▶ _Your assignment_:
Copy all entries verbatim and keep any pictures out of the copy.

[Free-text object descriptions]
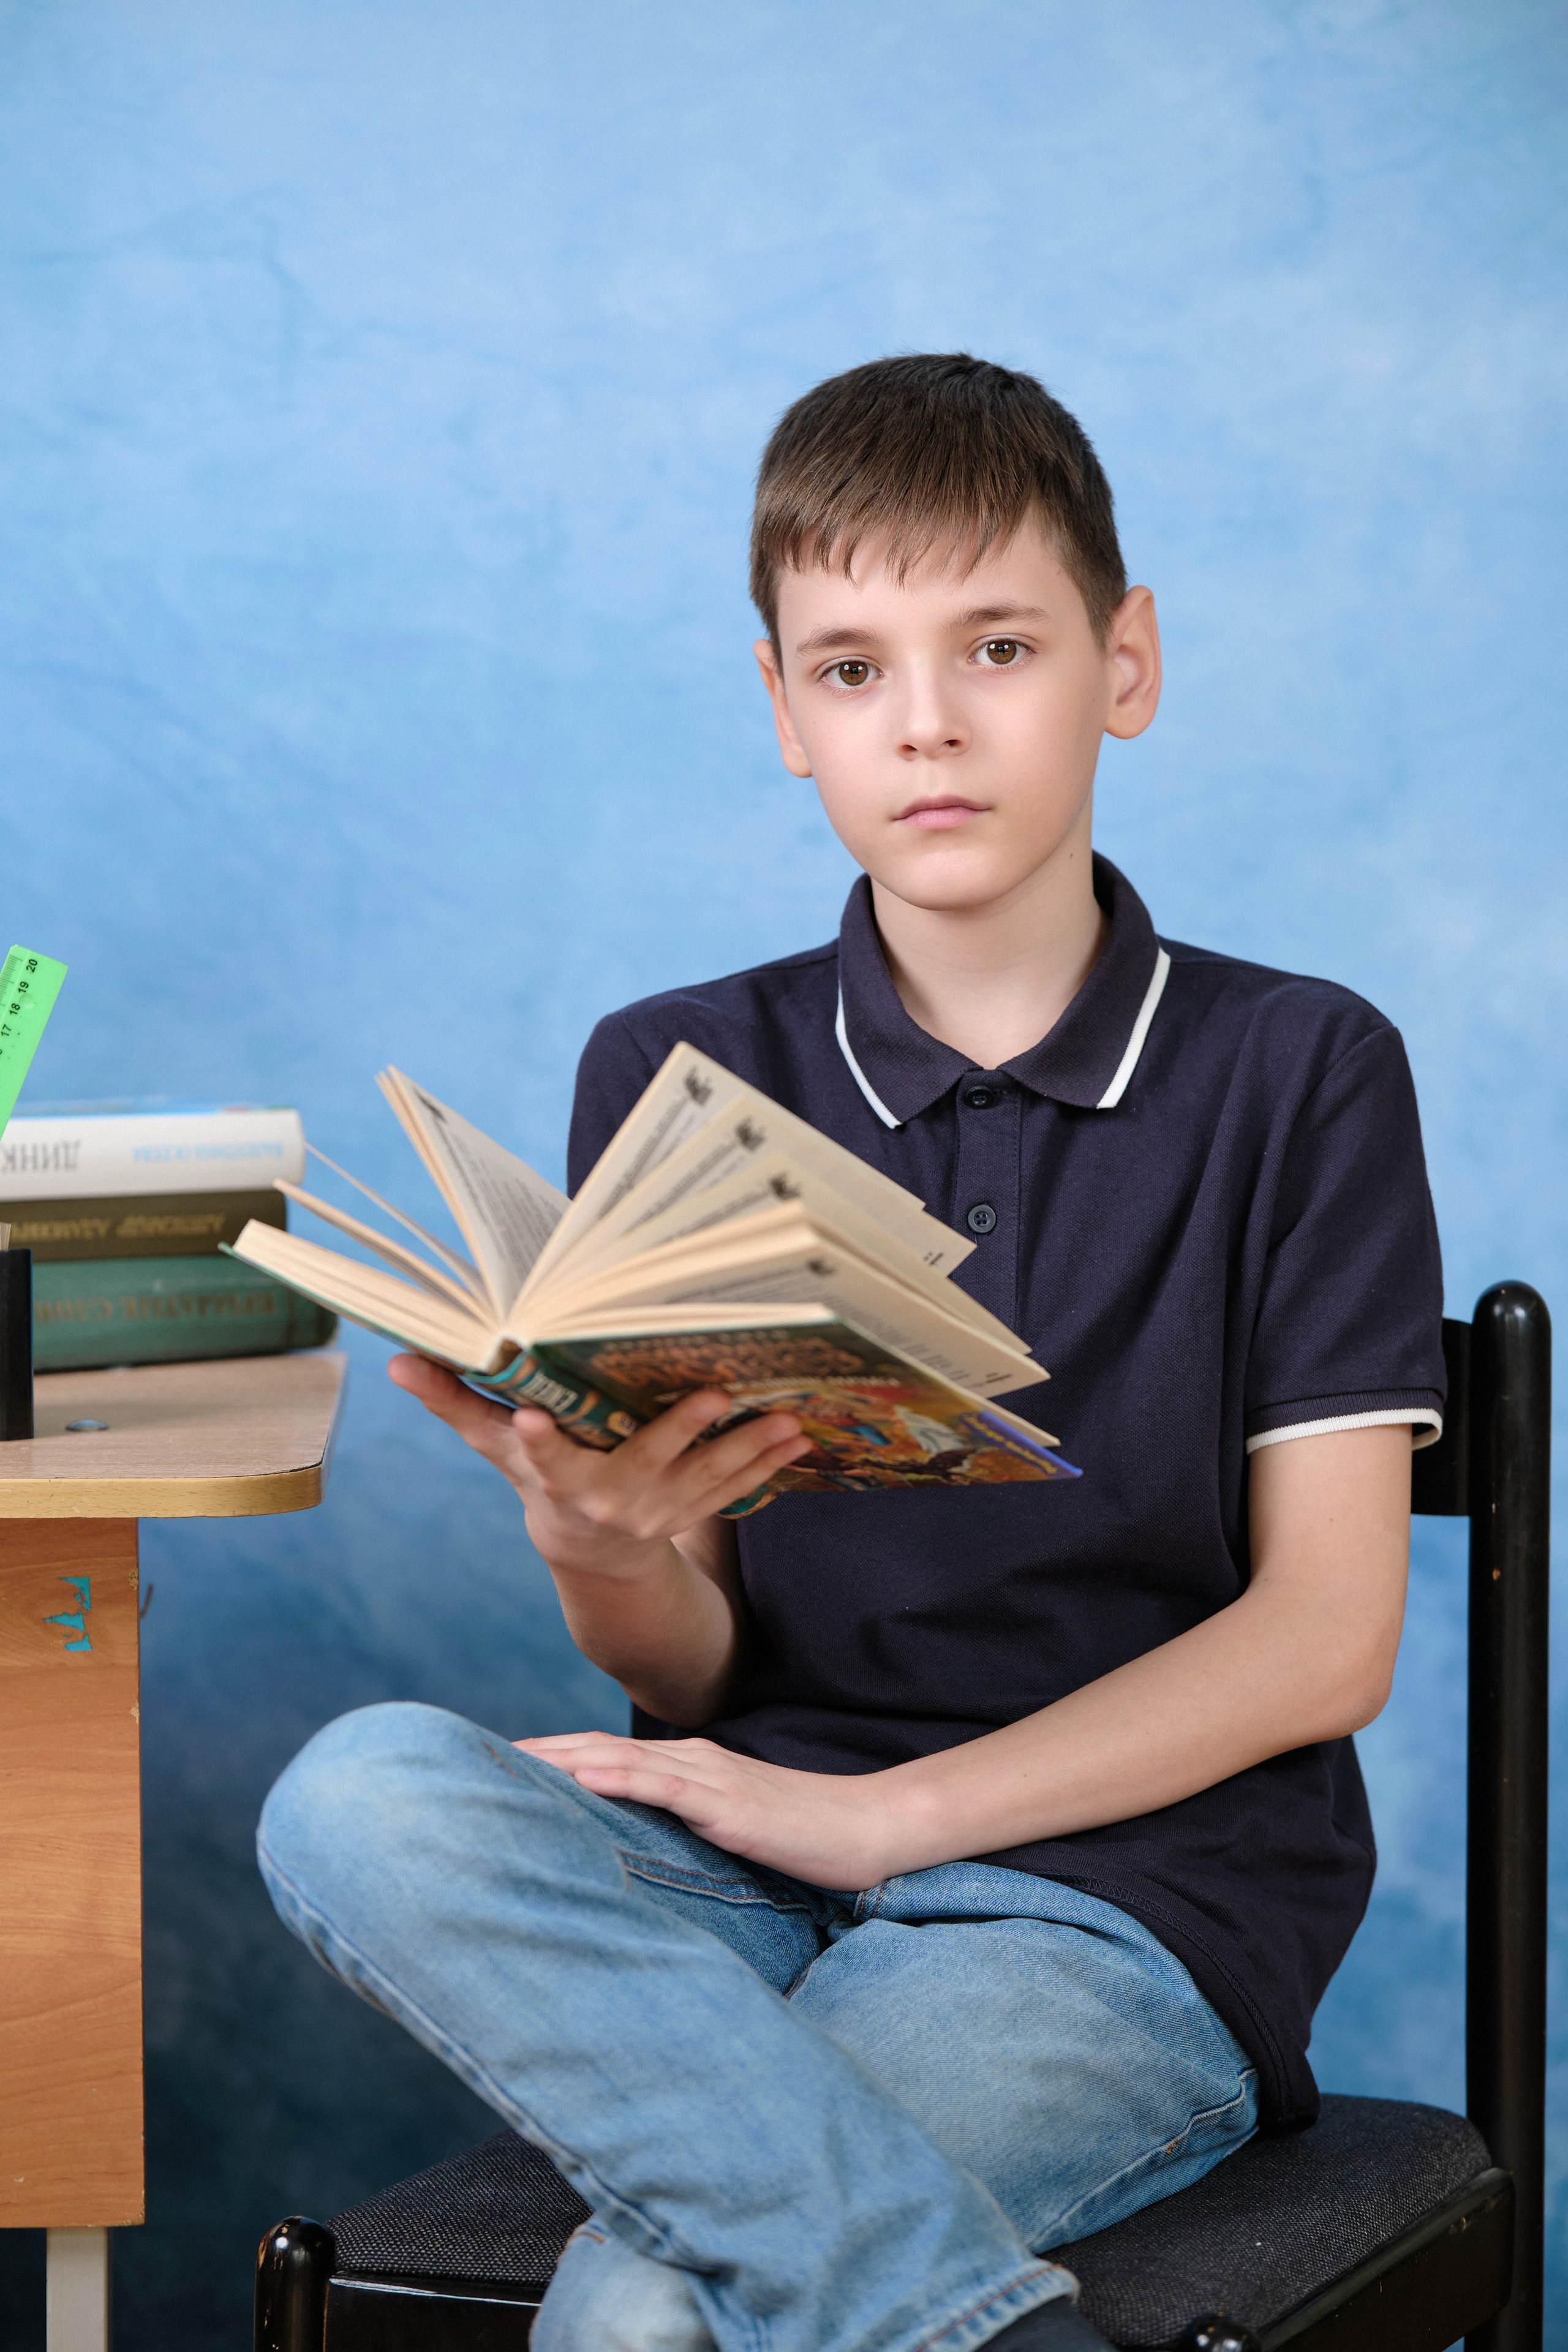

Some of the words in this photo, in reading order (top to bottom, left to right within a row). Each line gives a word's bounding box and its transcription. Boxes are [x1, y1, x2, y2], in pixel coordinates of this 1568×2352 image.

[26, 959, 38, 973] 20
[18, 981, 29, 993] 19
[9, 1003, 20, 1016] 18
[0, 1023, 12, 1037] 17
[34, 1296, 113, 1323] СЛОВ

▶ _Answer to this exercise_:
Some of the words in this photo, in reading order (top to bottom, left to right within a row). Each line gives a word's bounding box and its transcription. Boxes are [x1, y1, x2, y2], in pixel coordinates of this 1568×2352 image.

[26, 959, 38, 973] 20
[18, 981, 29, 993] 19
[9, 1003, 20, 1016] 18
[0, 1023, 12, 1037] 17
[34, 1296, 113, 1323] СЛОВ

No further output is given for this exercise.